Inflation protection: one index doesn’t fit all

Will inflation spoil the ECB’s 10-year anniversary party? While the ECB has succeeded in keeping inflation close to two percent for almost nine years since its inception, at the start of 2008 inflation crept above three percent and has remained there since. This level is clearly incompatible with the ECB’s price stability objective. Moreover, inflationary pressures from energy and food markets show few signs of abating. A prudent monetary policy response would focus on preempting second-round effects via wage formation and inflationary expectations. A firm interest rate hike by the ECB is, however, hampered by worries about financial sector fragility and the potential consequences of the credit crisis for the real economy.

Uncertainty about the inflation outlook and the monetary policy response is reflected in the market for index-linked bonds. Demand for these bonds has surged this year, pushing so-called breakeven inflation rates to their highest level since years, as investors seek protection from soaring oil and commodity prices. Market participants complain about the limited supply of indexed linked bonds, which results in high prices and low real yields. In the euro area the supply is also of the wrong kind. Inflation protection predominantly comes in the form of plain-vanilla bonds indexed to a euro area consumer price index. These bonds are not tailored to the needs of users based in individual countries and fall short of offering full inflation protection. Nor do these bonds have very attractive diversification properties. If European governments would issue more bonds linked to national inflation rates, investors would be better able to lock in real-value certainty and the bond market would be enriched by a varied supply of index-linked flavors.
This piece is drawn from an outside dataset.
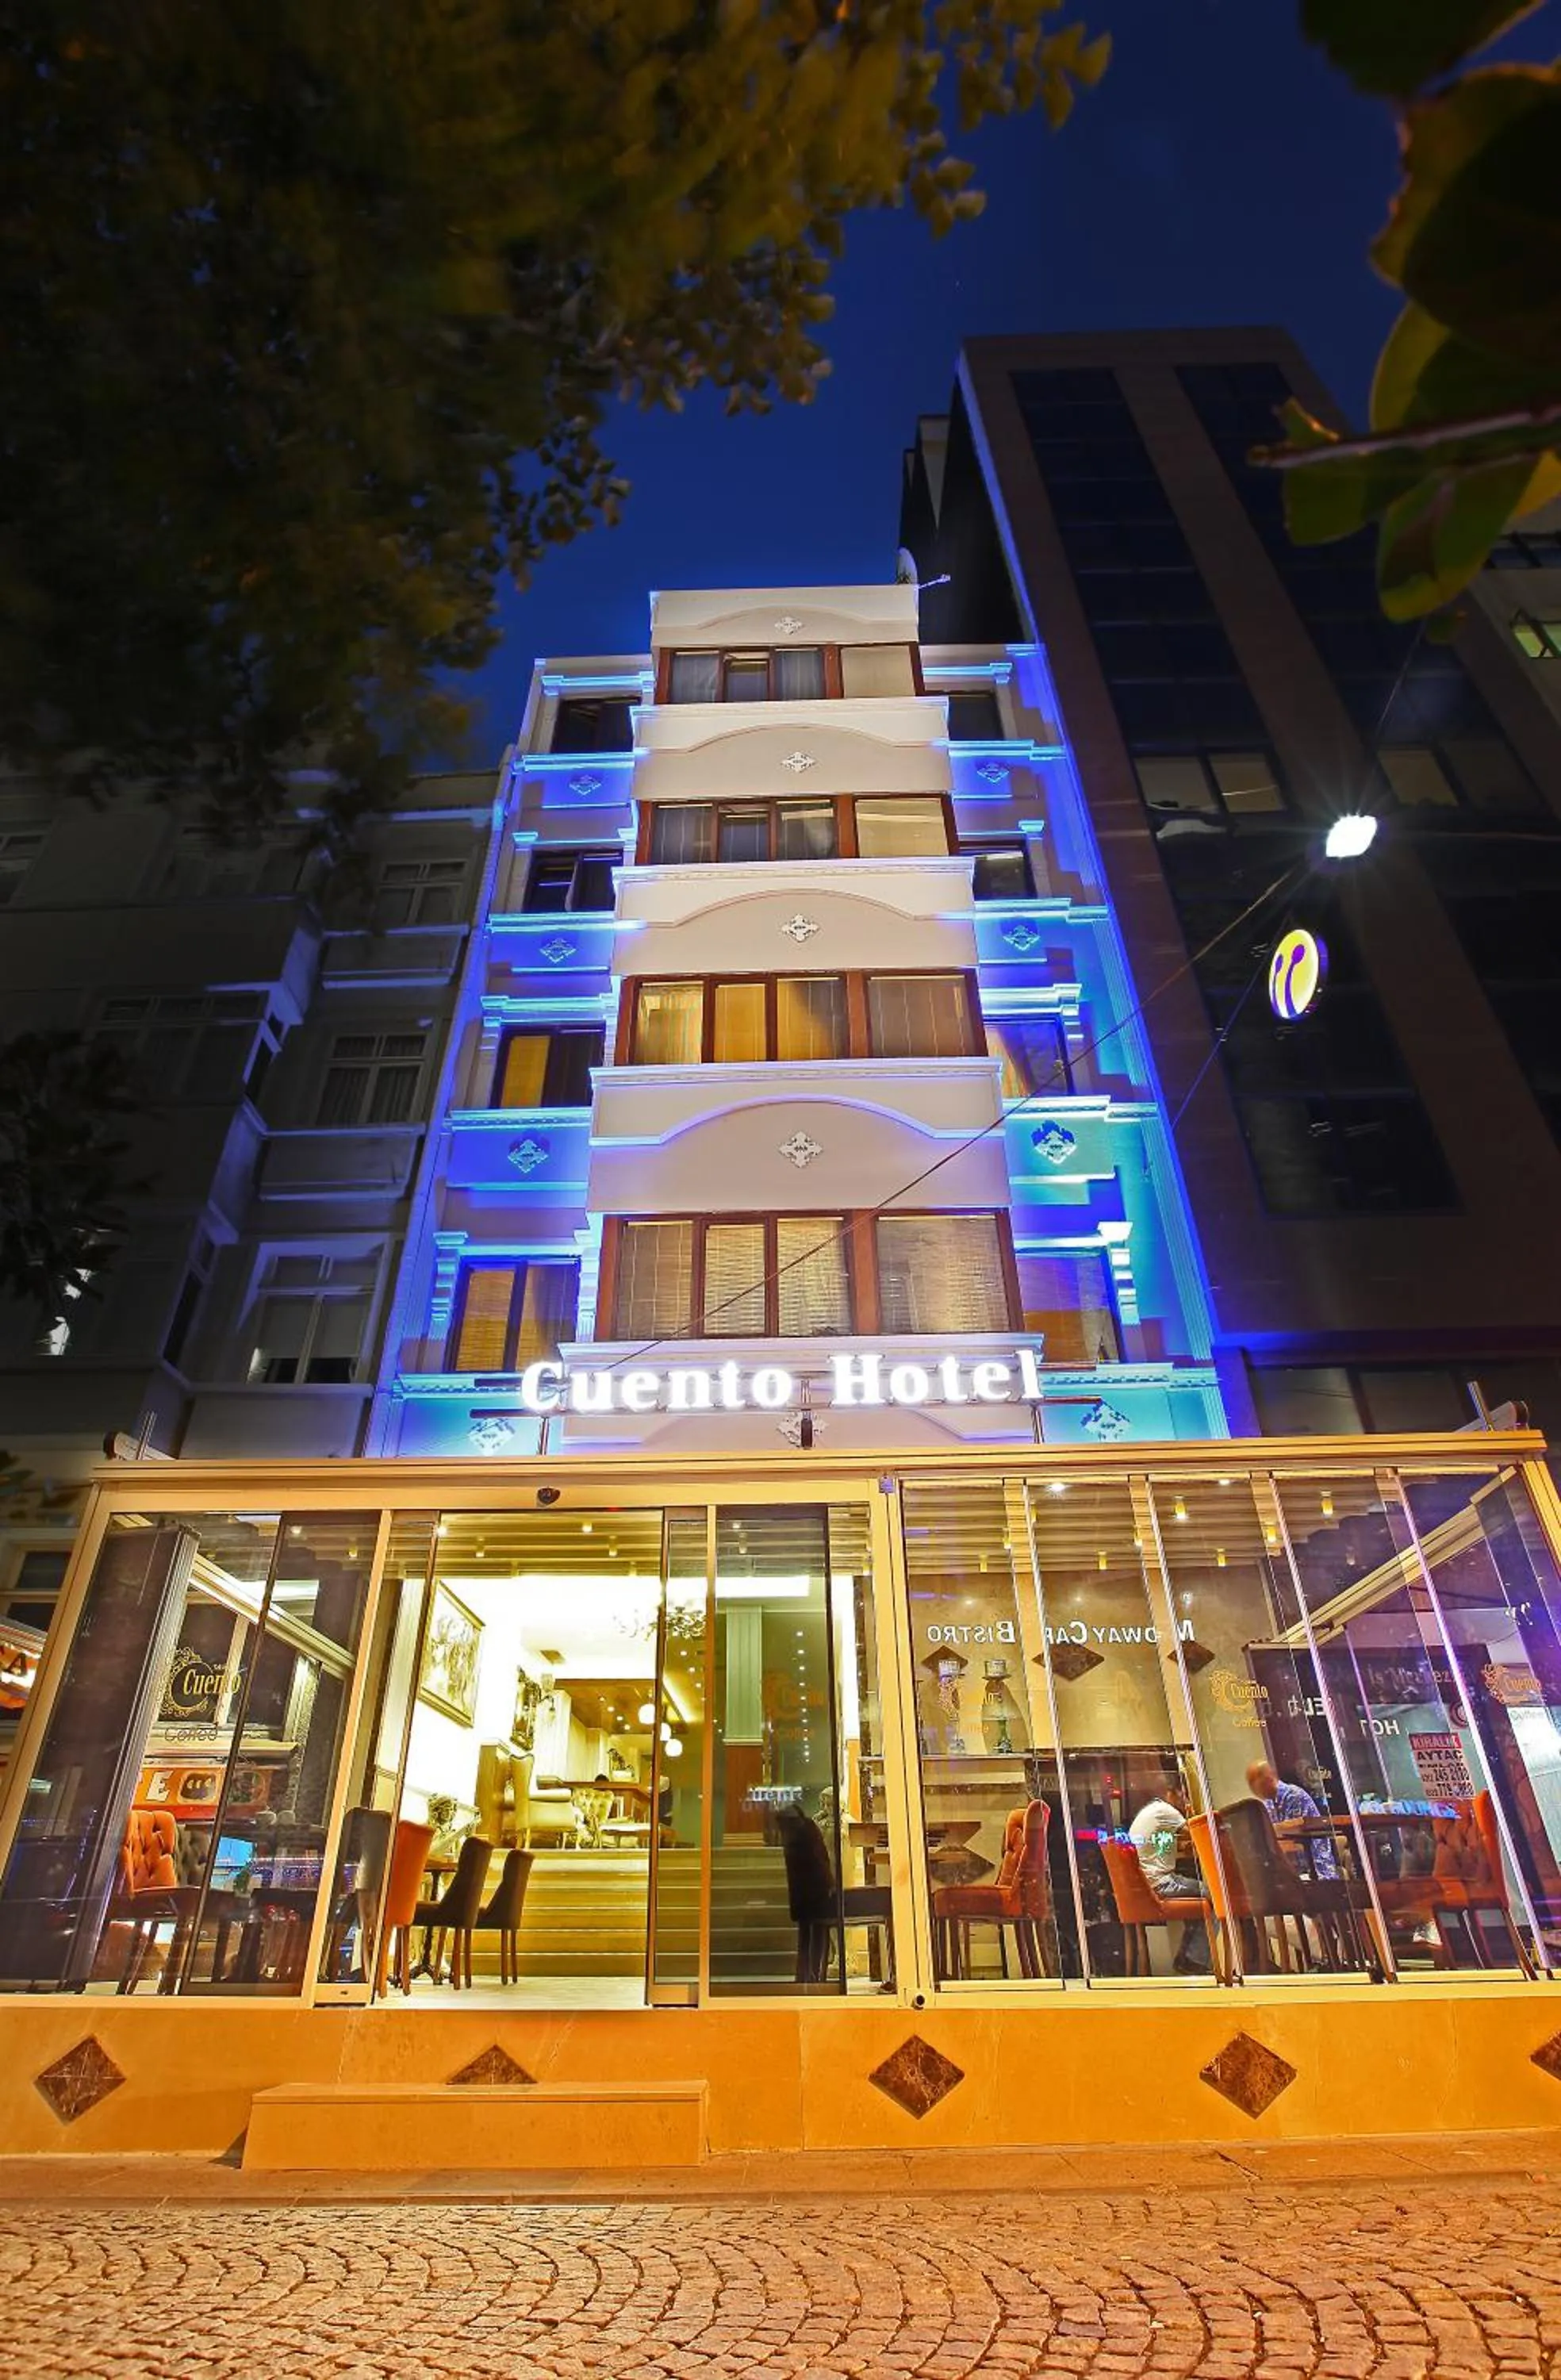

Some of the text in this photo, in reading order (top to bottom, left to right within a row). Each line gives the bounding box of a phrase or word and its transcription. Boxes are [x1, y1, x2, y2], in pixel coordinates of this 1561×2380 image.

[520, 1349, 1043, 1412] Cuento Hotel
[183, 1668, 242, 1695] Cueno
Index-linked bonds (ILBs) exist because they benefit issuers as well as investors. From the issuer perspective, ILBs may reduce borrowing costs and remove the incentive to create inflation. For investors, the main reason to invest in ILBs is to reduce inflation risk. This appeals most to investors for whom real value uncertainty is a major concern (e.g. pension funds). ILBs also show stable real returns compared to conventional bonds and equities. Unanticipated inflation shocks generate real return volatility in conventional bonds, but not in ILBs. This makes this asset class interesting from a portfolio perspective.

ILBs constitute a small but growing segment of the European bond market. On the European continent, ILBs have been introduced by the French state in 1998. In 2003 the governments of Greece, Italy and Austria followed. Germany issued its first ILB in 2006. While France has issued both ILBs linked to French inflation and ILBs linked to eurozone inflation, recent issuers have chosen to link their ILBs exclusively to a European index (the harmonized index of consumer prices excluding tobacco, abbreviated as: €HICPx). The share of ILBs linked to €HICPx has overtaken the share of ILBs linked to national price indices. This development is puzzling, if one considers that:

a) people consume locally (and the national consumer price index is thus a better proxy for the erosion of their purchasing power than a euro area price index) and

b) national inflation rates within the euro area are far from synchronized.
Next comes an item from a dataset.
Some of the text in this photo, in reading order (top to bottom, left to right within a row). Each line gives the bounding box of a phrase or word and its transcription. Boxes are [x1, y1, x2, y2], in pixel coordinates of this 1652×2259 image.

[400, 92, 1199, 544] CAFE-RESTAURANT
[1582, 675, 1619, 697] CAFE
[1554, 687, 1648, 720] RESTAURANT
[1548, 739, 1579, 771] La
Is it really true that inflation uncertainty is still a national experience, ten years after monetary unification? After the introduction of the euro, the cross-country variation in the inflation rates has in any case not fallen quickly. Inflation differentials have also been quite persistent (much more so than in the United States). As a consequence, the consumer price indices of euro area countries have fanned out and seem to bend together only slowly, if at all (see the graph).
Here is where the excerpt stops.